__WORK ITEM__
The whole listing that follows is to be restated word for word, images excluded.

__RECORDS PROVIDED__
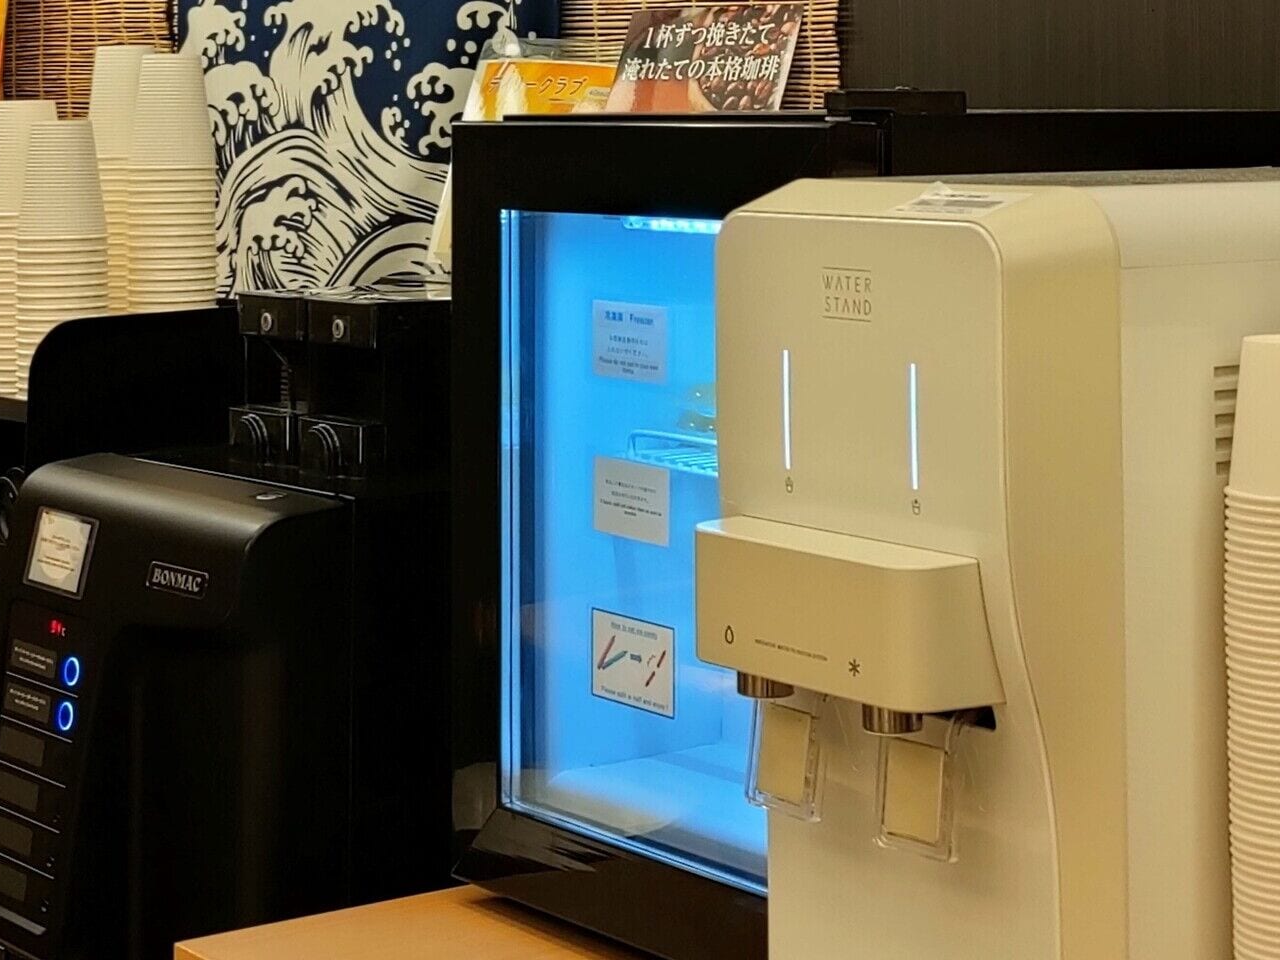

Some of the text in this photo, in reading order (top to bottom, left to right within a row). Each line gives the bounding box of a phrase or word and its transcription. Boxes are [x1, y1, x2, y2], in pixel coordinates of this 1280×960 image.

[643, 21, 776, 49] 1杯ずつ挽きたて
[621, 54, 781, 81] 淹れたての本格珈琲
[822, 275, 871, 292] WATER
[825, 296, 871, 315] STAND
[152, 568, 201, 592] BONMAC
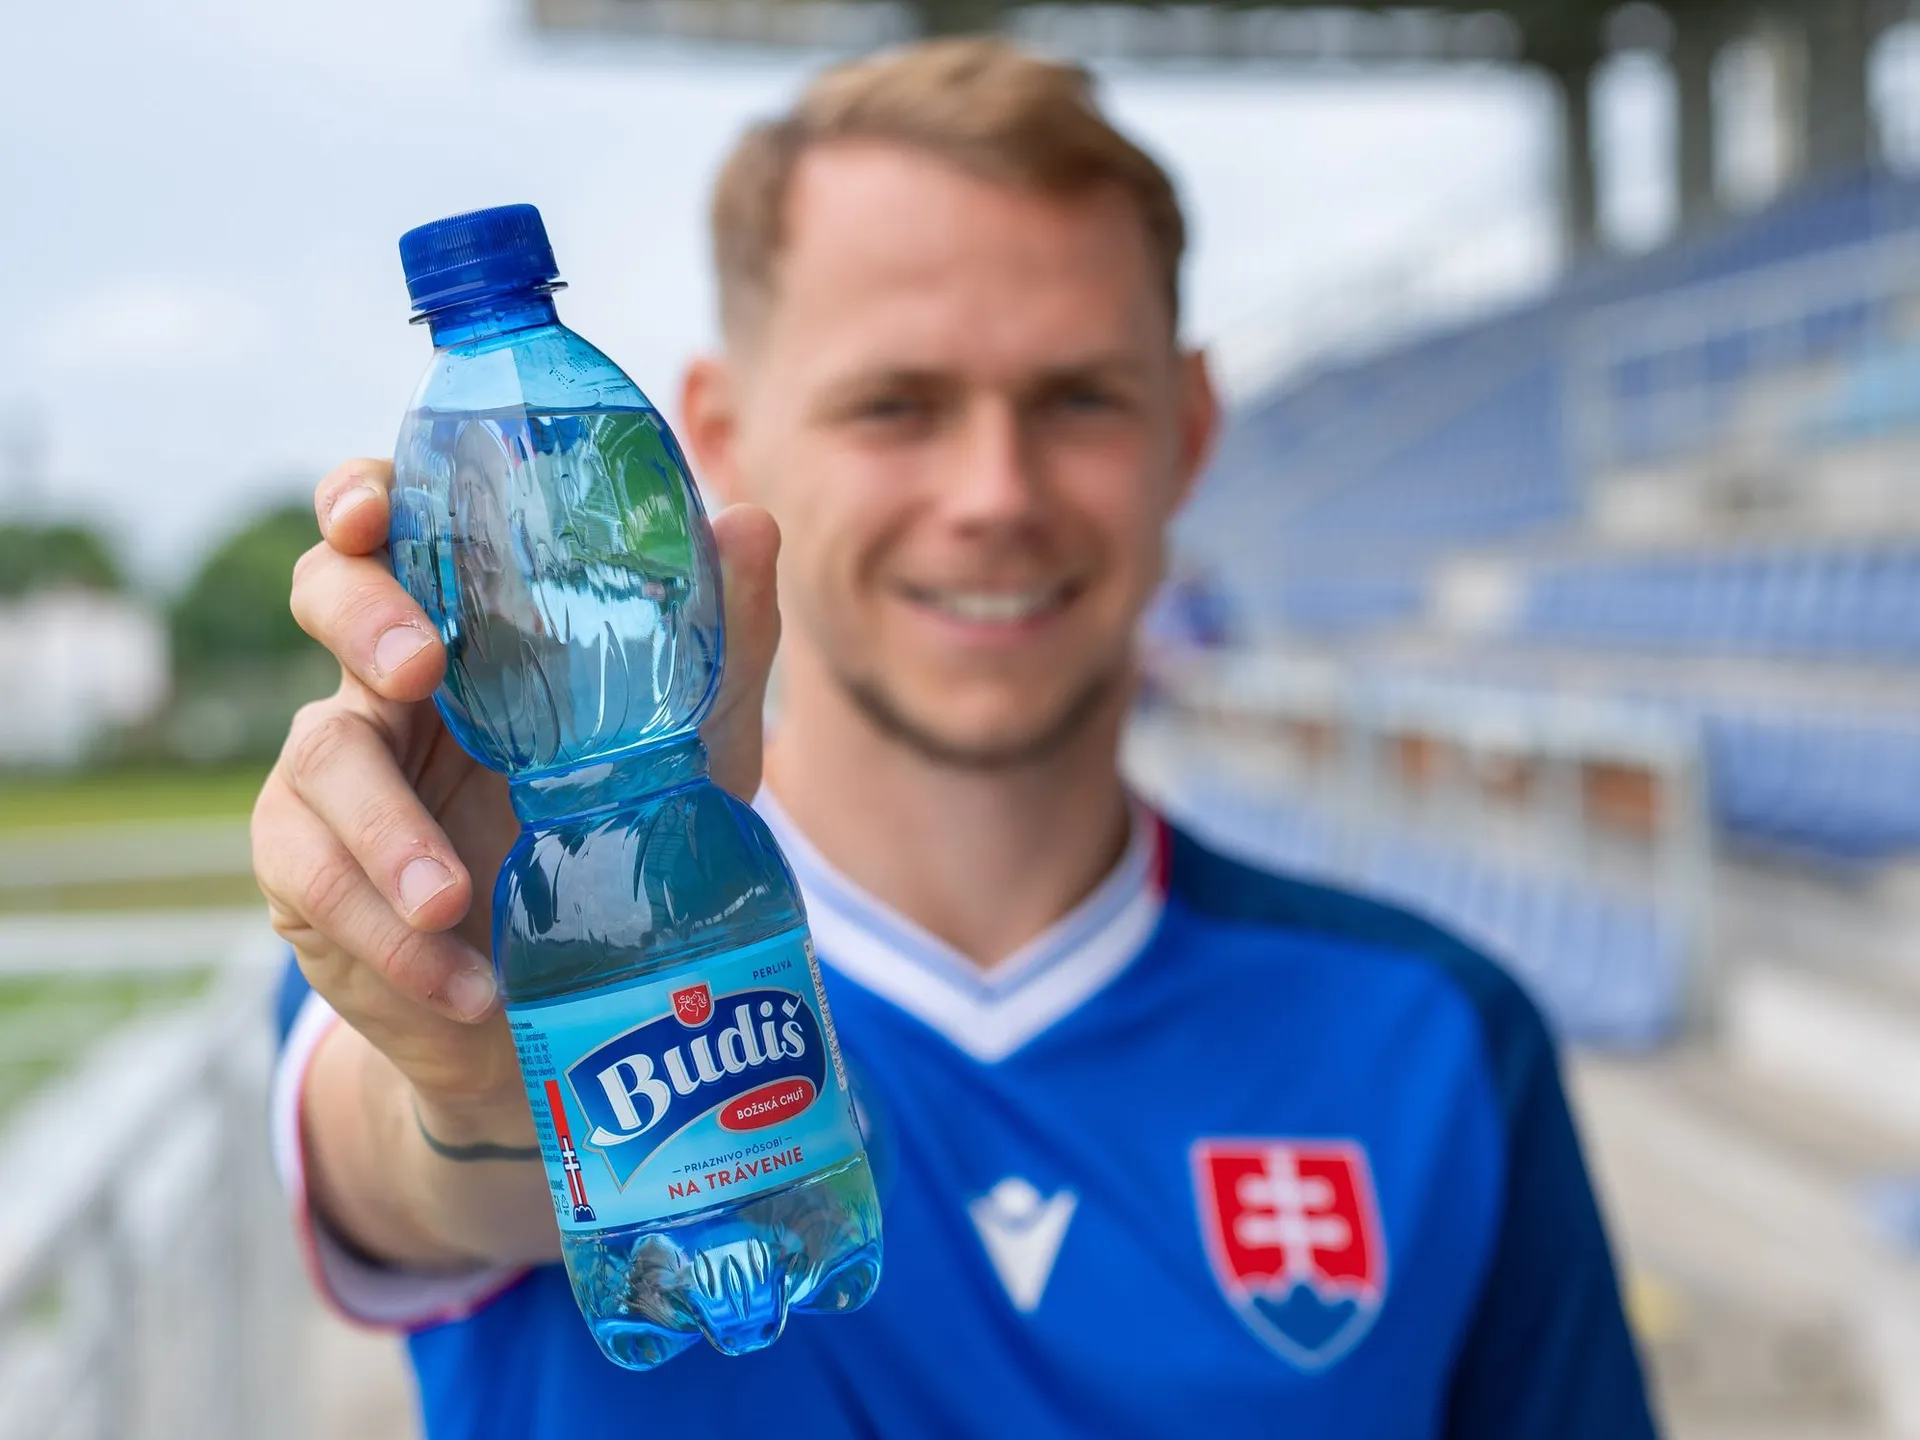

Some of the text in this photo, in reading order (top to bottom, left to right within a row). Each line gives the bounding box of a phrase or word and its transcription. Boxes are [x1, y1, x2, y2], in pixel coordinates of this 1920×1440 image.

[752, 959, 793, 981] PERLIVÁ
[590, 993, 805, 1147] Budiš
[736, 1087, 805, 1120] BOŽSKÁ CHUŤ
[668, 1146, 804, 1200] NA TRÁVENIE
[684, 1136, 784, 1174] PRIAZNIVO PÔSOBÍ
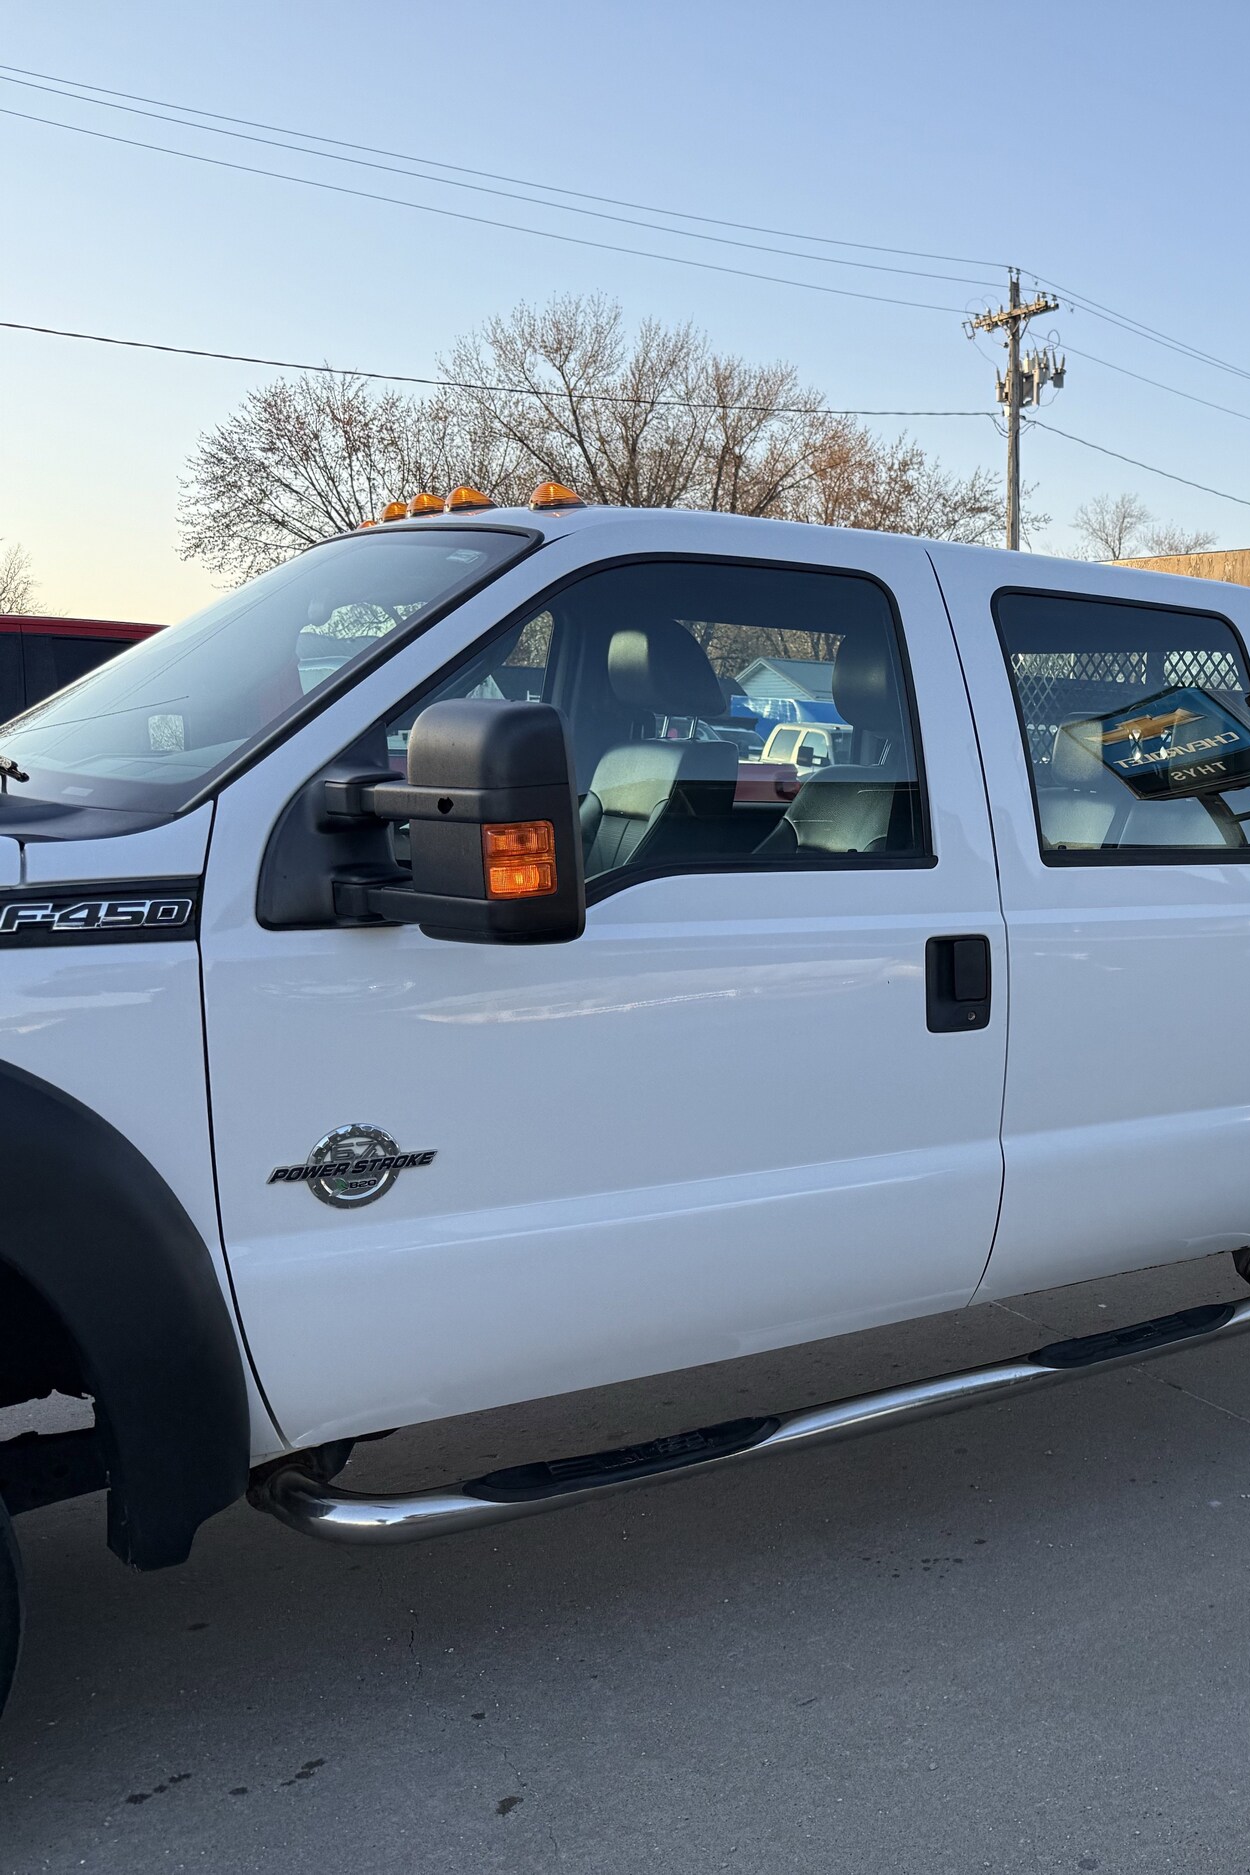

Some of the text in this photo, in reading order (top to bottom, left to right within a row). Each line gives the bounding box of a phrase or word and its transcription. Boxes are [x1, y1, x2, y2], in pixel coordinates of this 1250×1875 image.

[0, 899, 193, 933] F-450
[267, 1149, 438, 1184] POWER STROKE
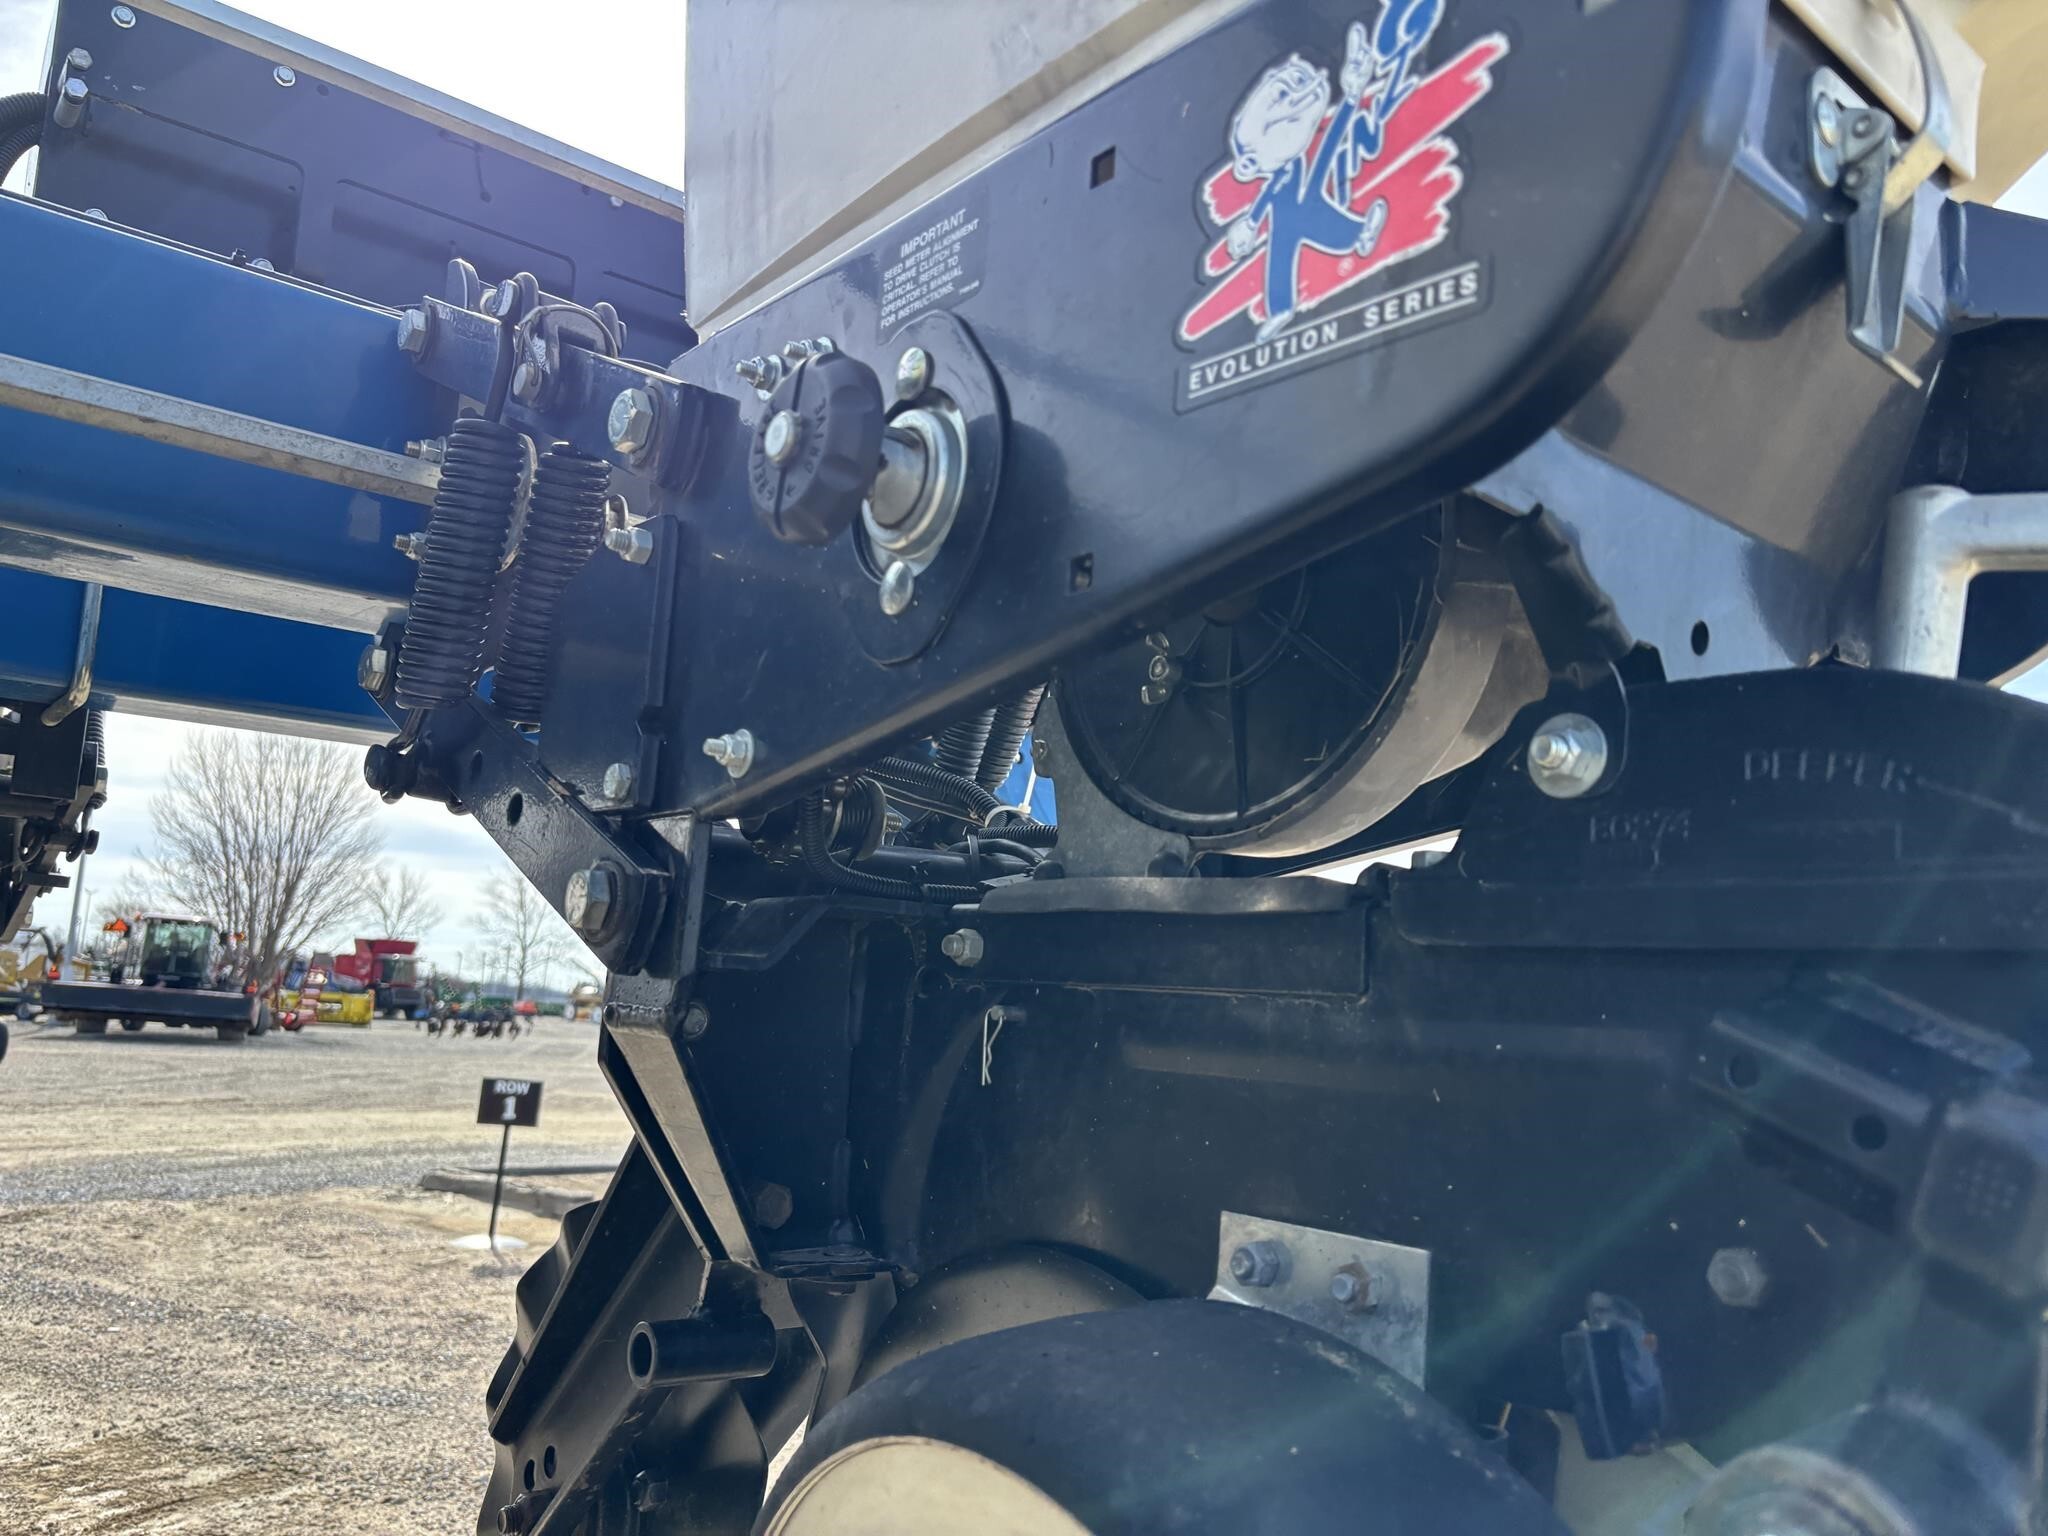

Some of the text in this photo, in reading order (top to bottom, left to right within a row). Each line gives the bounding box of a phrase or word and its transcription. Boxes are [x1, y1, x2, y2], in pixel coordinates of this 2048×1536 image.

__TASK RESULT__
Some of the text in this photo, in reading order (top to bottom, left to right within a row). Each line gives the bounding box of a phrase or word and its transcription. Boxes are [x1, y1, x2, y2], in pixel coordinates of this 1280×960 image.

[643, 21, 776, 49] 1杯ずつ挽きたて
[621, 54, 781, 81] 淹れたての本格珈琲
[822, 275, 871, 292] WATER
[825, 296, 871, 315] STAND
[152, 568, 201, 592] BONMAC

Some of the text in this photo, in reading order (top to bottom, left to right within a row). Each line gives the bounding box of a phrase or word and its transcription. Boxes are [x1, y1, x2, y2], in pixel coordinates of this 1920×1440 image.

[752, 959, 793, 981] PERLIVÁ
[590, 993, 805, 1147] Budiš
[736, 1087, 805, 1120] BOŽSKÁ CHUŤ
[668, 1146, 804, 1200] NA TRÁVENIE
[684, 1136, 784, 1174] PRIAZNIVO PÔSOBÍ

Some of the text in this photo, in reading order (top to bottom, left to right within a row). Each line gives the bounding box of a phrase or word and its transcription. Boxes are [x1, y1, x2, y2], in pixel coordinates of this 1250×1875 image.

[0, 899, 193, 933] F-450
[267, 1149, 438, 1184] POWER STROKE

Some of the text in this photo, in reading order (top to bottom, left to right within a row). Each line gives the bounding box of a phrase or word and its transcription. Boxes are [x1, y1, x2, y2], in pixel coordinates of this 2048×1536 image.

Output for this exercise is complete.